>>

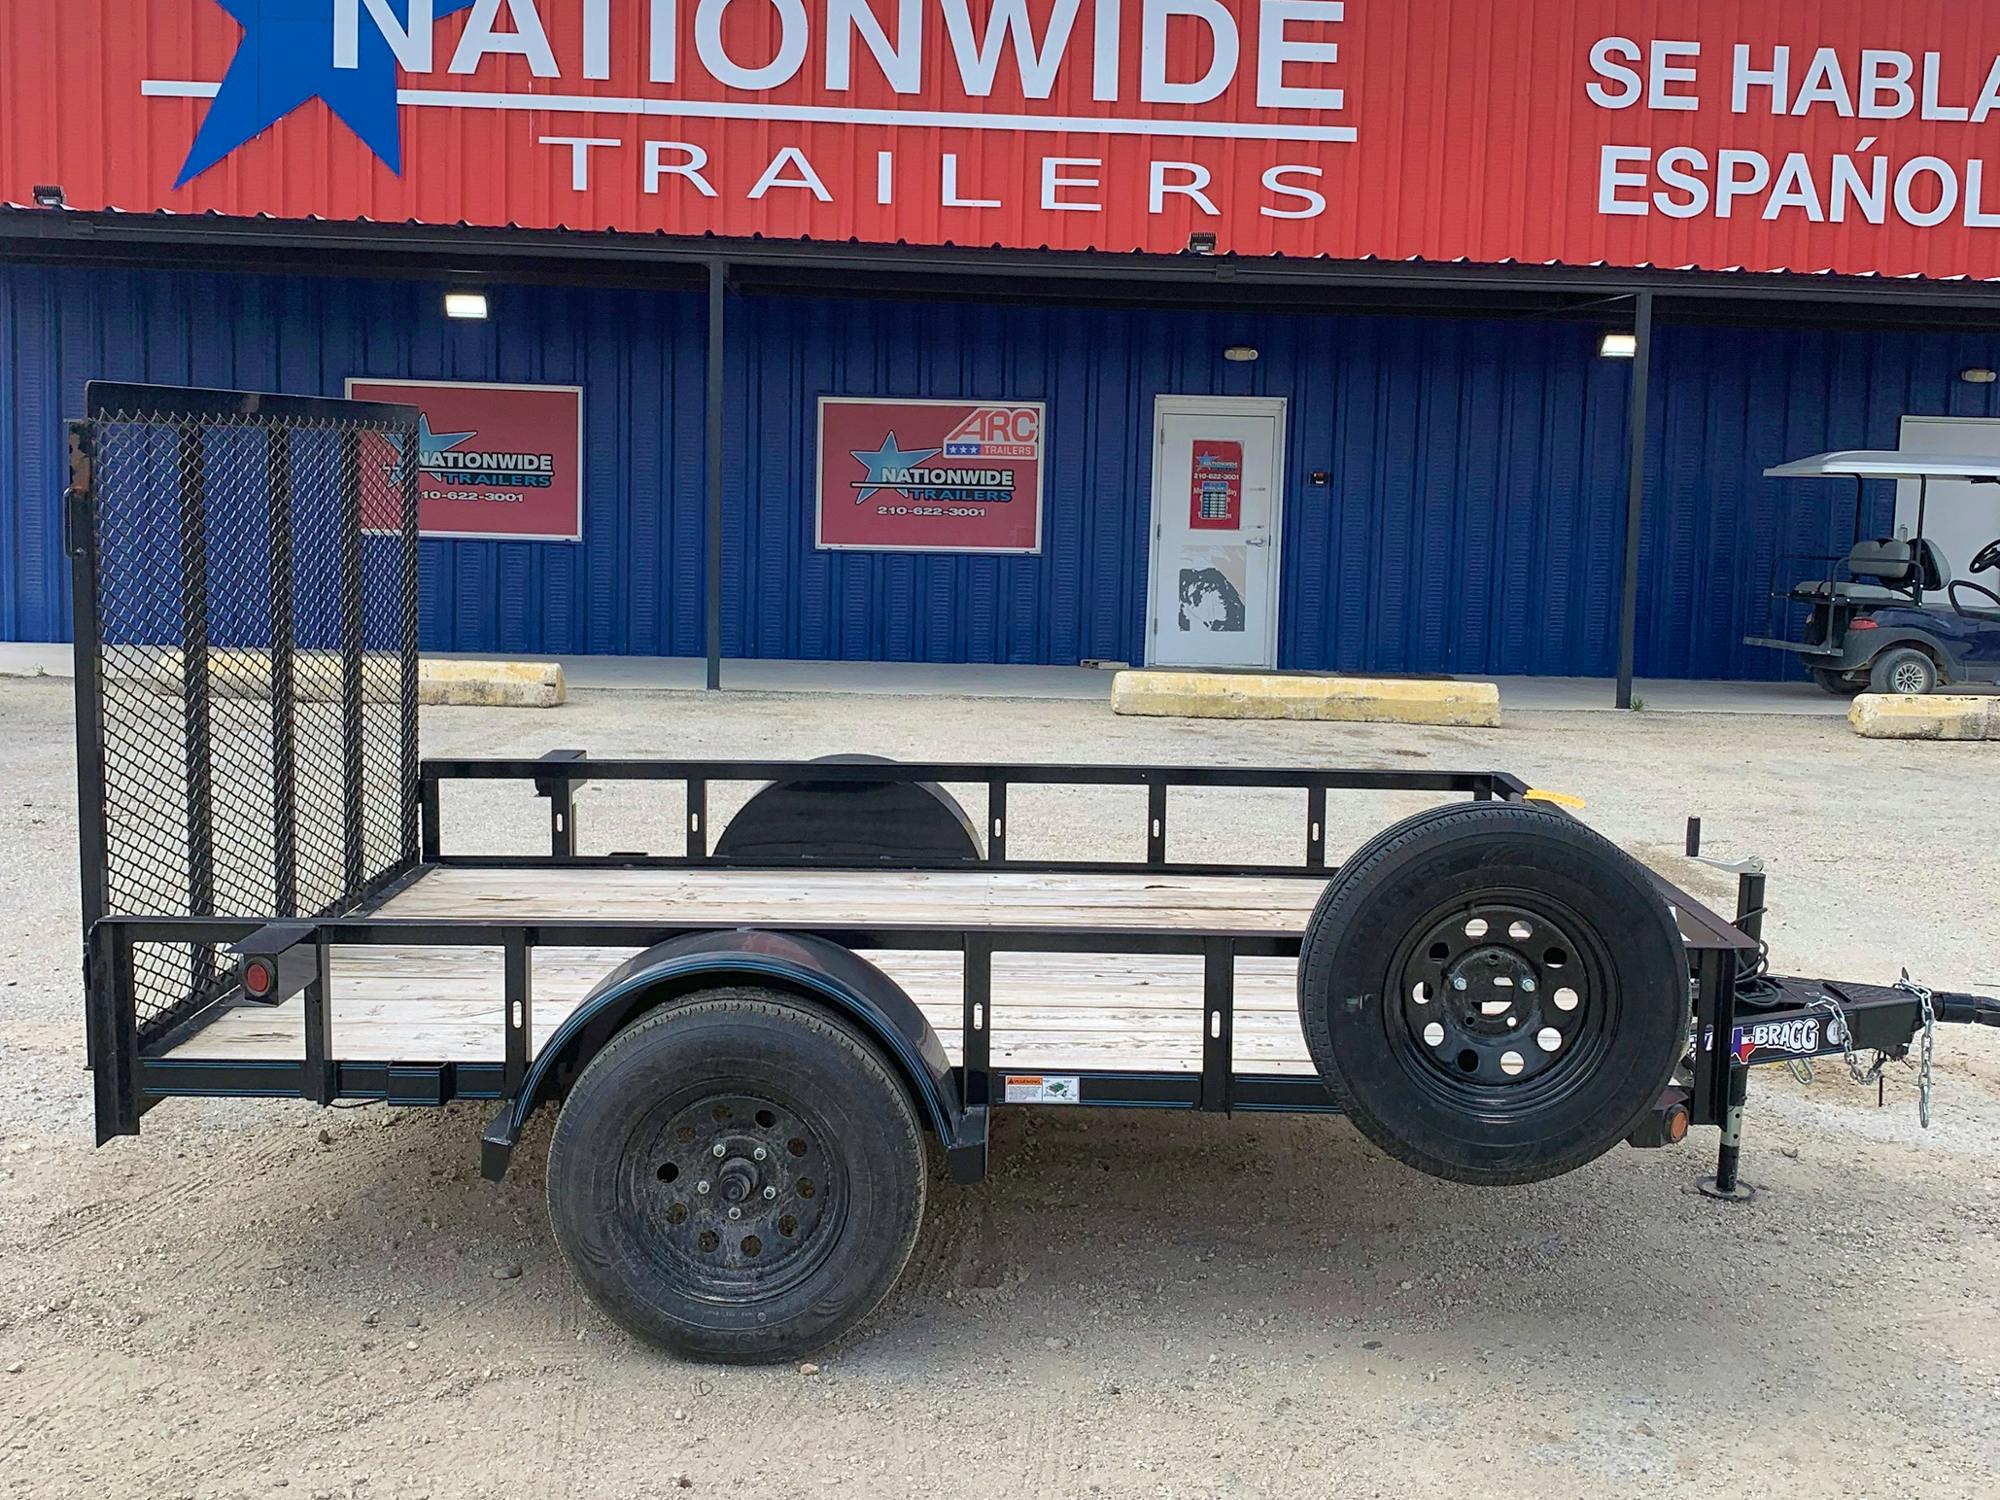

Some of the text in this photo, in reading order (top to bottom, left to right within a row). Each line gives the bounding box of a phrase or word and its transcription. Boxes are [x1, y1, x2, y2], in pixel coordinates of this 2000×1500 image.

[332, 0, 1345, 110] NATIONWIDE
[1585, 36, 1701, 111] SE
[538, 135, 1327, 219] TRAILERS
[950, 410, 1035, 442] ARC
[984, 445, 1032, 456] TRAILERS
[419, 452, 551, 469] NATIONWIDE
[444, 473, 550, 486] TRAILERS
[882, 469, 1013, 485] NATIONWIDE
[421, 490, 524, 502] 10-622-3001
[911, 489, 1012, 501] TRAILERS
[877, 506, 985, 516] 210-622-3001
[1755, 1020, 1817, 1051] BRAGG
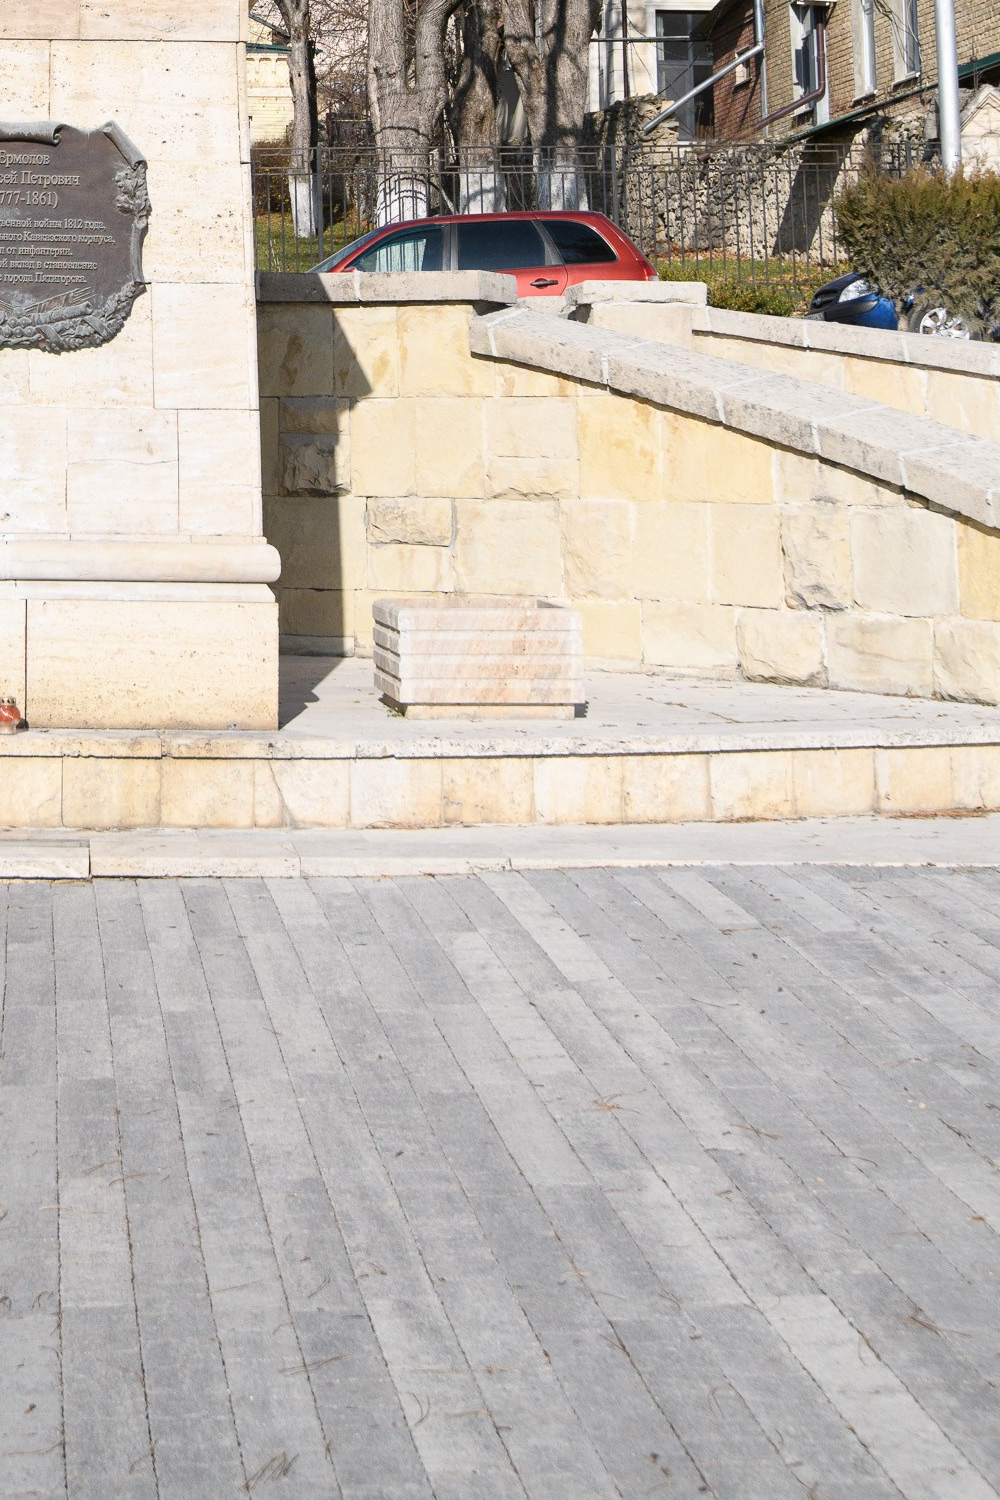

<<

Exactly as written above, print every line of the data but not its pictures.

Some of the text in this photo, in reading order (top to bottom, left to right within a row). Each line gives the bounding box of a phrase or word and its transcription. Boxes are [x1, y1, x2, y2], in pixel coordinates of this 2000×1500 image.

[332, 0, 1345, 110] NATIONWIDE
[1585, 36, 1701, 111] SE
[538, 135, 1327, 219] TRAILERS
[950, 410, 1035, 442] ARC
[984, 445, 1032, 456] TRAILERS
[419, 452, 551, 469] NATIONWIDE
[444, 473, 550, 486] TRAILERS
[882, 469, 1013, 485] NATIONWIDE
[421, 490, 524, 502] 10-622-3001
[911, 489, 1012, 501] TRAILERS
[877, 506, 985, 516] 210-622-3001
[1755, 1020, 1817, 1051] BRAGG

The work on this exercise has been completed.